I’ve learned a lot since that day a half-century ago when Lee walked out on our family. I’d like to think that my journey has made me wiser. Having more empathy and trying not to judge others are among the lessons I’ve absorbed; hard-won values that I’ve painfully learned after making more than enough of my own mistakes.
It has occurred to me that maybe Lee’s alcoholism was just the outward manifestation of some deeper affliction, possibly a mood disorder like bipolar. There was very little known about things like bipolar disorder in the 1950s. Often, people whose brain chemistry is imbalanced turn to alcohol and drugs to self-medicate; to seek temporary respite from the depression that haunts them. Or, his alcoholism might have been the result of having a blood line that is more susceptible to addiction than others. Another possible factor is that we’re all vulnerable to the example our parents and grandparents imprint on us and how it often leads us to carry on that behavior, good or bad.
Lee’s father and grandfather were also alcoholics. It makes me wonder how far back on my family tree the scourge of the “demon rum” goes. Thankfully, I quit drinking alcohol when I converted to the Mormon Church at the age of 25. It helped me break the chain. Otherwise, I shudder to imagine what path I may have taken. In any case, it has helped me have greater empathy for my father and why he might have engaged in such destructive behavior. It also brings to mind the humbling adage, “There but for the grace of God go I.”
I’m not the only one who agonized over the family breakup. Lee suffered, too, because he didn’t have his children in his life. When I helped clean out his apartment after his death, I found pictures of my sister and me and other items related to us. It was clear that he had watched us from afar, almost certainly with deep regrets. I’m a man of faith and I believe in Heaven, a place where we reside as spirit beings and learn to be more like God. I believe that my father is there and I pray that he’s learning to forgive himself as I am learning to forgive him.
It’s like in the movie Field of Dreams where Ray, the character played by Kevin Costner, hears a whispering, deity-like voice in the cornfield that tells him to “ease his pain.” Ray doesn’t understand whose pain he’s supposed to ease.
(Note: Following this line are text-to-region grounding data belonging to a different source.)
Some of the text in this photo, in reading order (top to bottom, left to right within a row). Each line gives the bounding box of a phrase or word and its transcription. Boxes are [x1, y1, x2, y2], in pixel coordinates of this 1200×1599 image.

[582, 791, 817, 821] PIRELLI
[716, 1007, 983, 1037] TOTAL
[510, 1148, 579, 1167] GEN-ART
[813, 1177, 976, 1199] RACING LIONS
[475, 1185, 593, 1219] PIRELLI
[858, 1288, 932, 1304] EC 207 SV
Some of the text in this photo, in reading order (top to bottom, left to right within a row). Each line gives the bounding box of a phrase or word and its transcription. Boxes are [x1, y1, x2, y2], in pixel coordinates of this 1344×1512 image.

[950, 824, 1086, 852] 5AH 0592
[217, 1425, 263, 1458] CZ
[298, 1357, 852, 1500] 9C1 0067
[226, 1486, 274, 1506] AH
But at the end of the movie it is revealed that the voice was whispering to Ray about his father, from whom Ray had been estranged at the time of his father’s death. It’s a deeply emotional movie for me. It plumbs the depths of the eternal and redemptive power that each of us has within ourselves to heal and forgive, no matter how much time it takes.
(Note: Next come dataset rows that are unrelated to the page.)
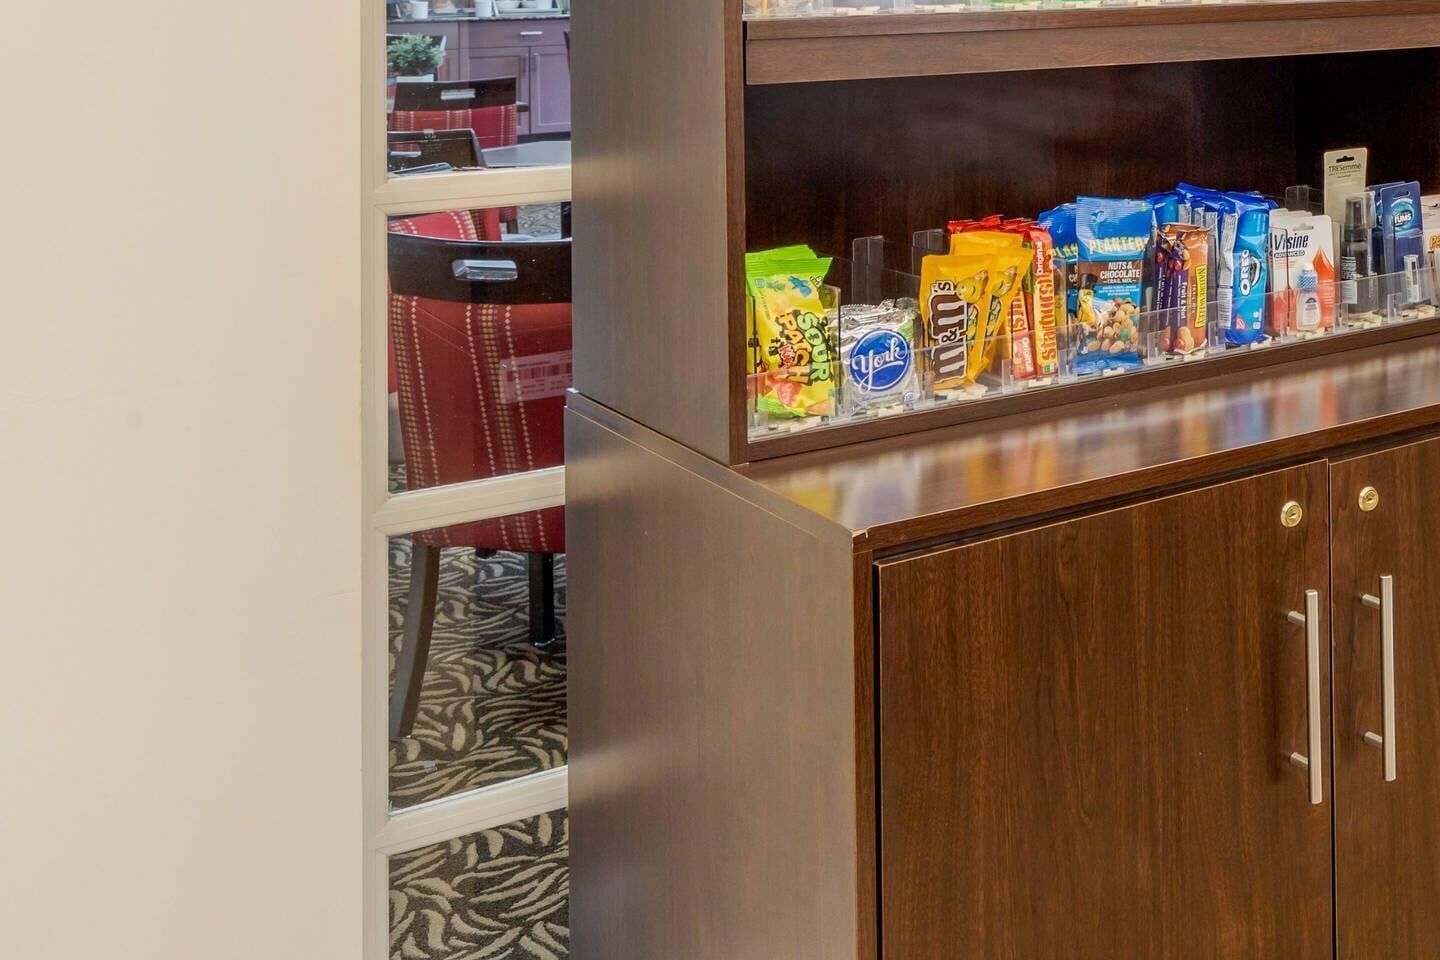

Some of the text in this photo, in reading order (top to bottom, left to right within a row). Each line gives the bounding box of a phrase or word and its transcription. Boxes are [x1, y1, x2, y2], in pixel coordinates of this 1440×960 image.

[1394, 211, 1412, 225] TUMS
[1274, 233, 1309, 251] Visine
[1100, 269, 1140, 279] CHOCOLATE
[1108, 261, 1125, 271] NUTS
[1240, 249, 1250, 296] OREO
[775, 311, 813, 384] PATCH
[796, 311, 831, 382] SOUR
[850, 336, 906, 394] York
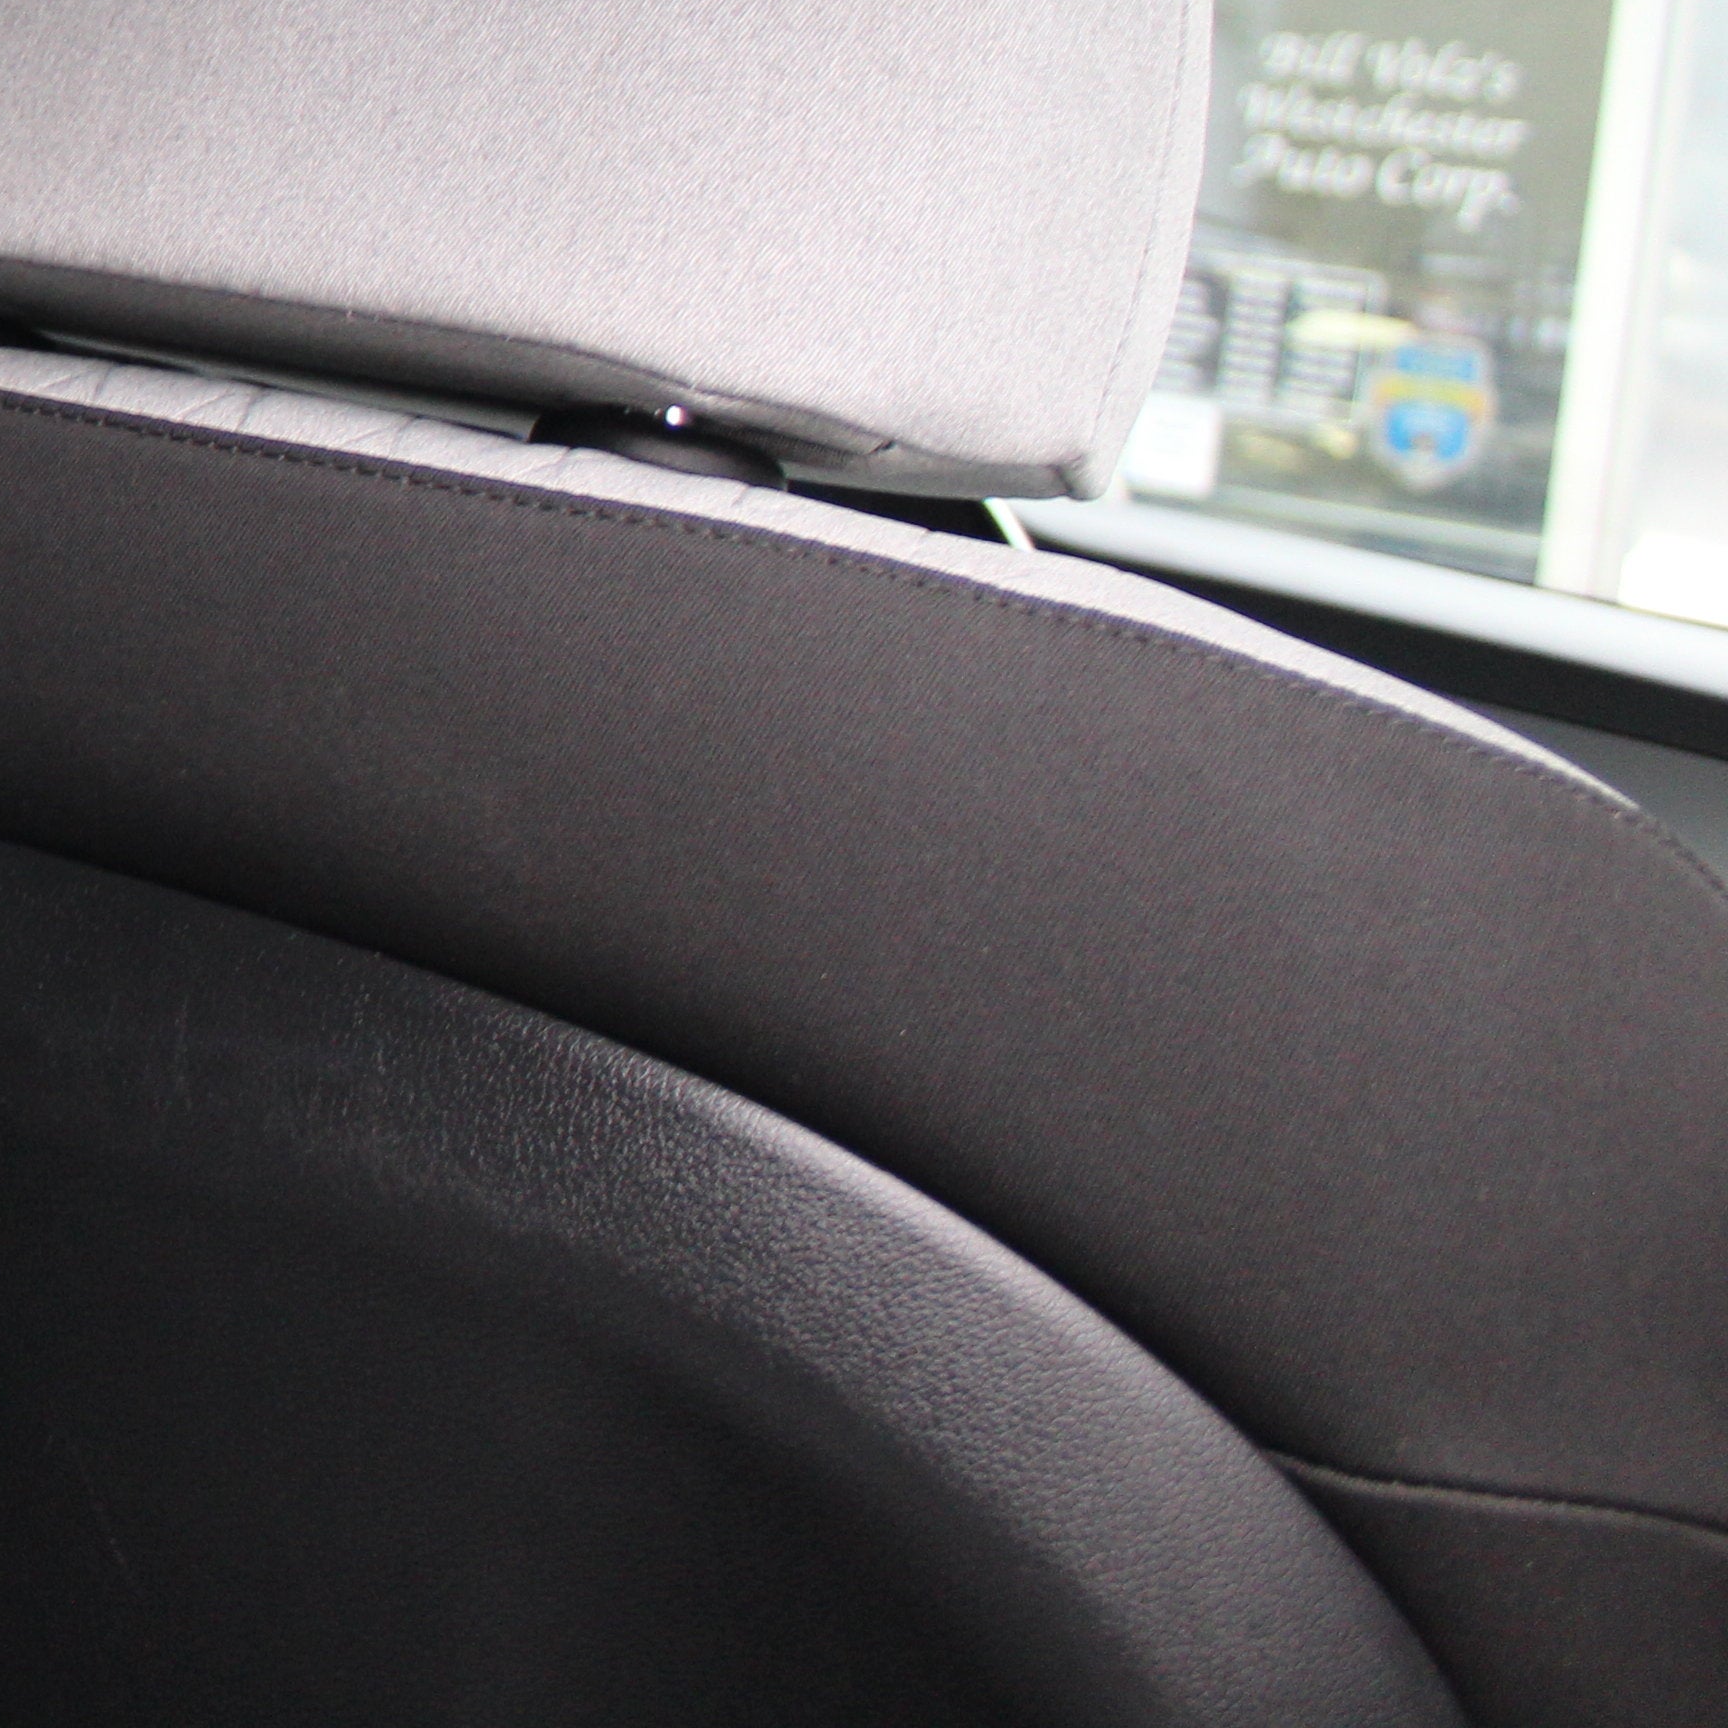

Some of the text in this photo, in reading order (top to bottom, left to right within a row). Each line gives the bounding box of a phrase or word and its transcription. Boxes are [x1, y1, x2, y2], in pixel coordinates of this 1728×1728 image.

[1258, 30, 1366, 87] Bill
[1236, 80, 1531, 161] Westchester
[1230, 132, 1521, 234] Auto Corp.
This is the last of three stories in the series entitled “Waiting by a Window for Dad.”
4 Comments
donna August 15, 2018
Thank you for sharing about the human spirit, and how each day we have to make a choice….to be better than we were before, and not to harm another by our actions. We can help or hurt by what we say and do, and the consequences are beyond what we see today.
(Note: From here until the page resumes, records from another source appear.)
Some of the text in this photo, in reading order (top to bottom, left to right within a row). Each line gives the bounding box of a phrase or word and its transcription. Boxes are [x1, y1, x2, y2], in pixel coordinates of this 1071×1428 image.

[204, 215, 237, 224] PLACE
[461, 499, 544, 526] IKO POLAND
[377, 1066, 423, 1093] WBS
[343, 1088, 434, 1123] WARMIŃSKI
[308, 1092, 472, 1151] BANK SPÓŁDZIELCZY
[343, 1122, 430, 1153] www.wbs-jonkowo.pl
larryalanbrown August 15, 2018
Thanks for sharing your thoughts, Donna. I agree that we have choices and how we treat others can influence not only their path, but ours as well.
Scott Borgia August 12, 2018
Larry – I just came across your blog and was fortunate to read all your postings just now. You have a gift for writing and blending important lessons of life with humor. Thanks for sharing so much of your own lessons with us.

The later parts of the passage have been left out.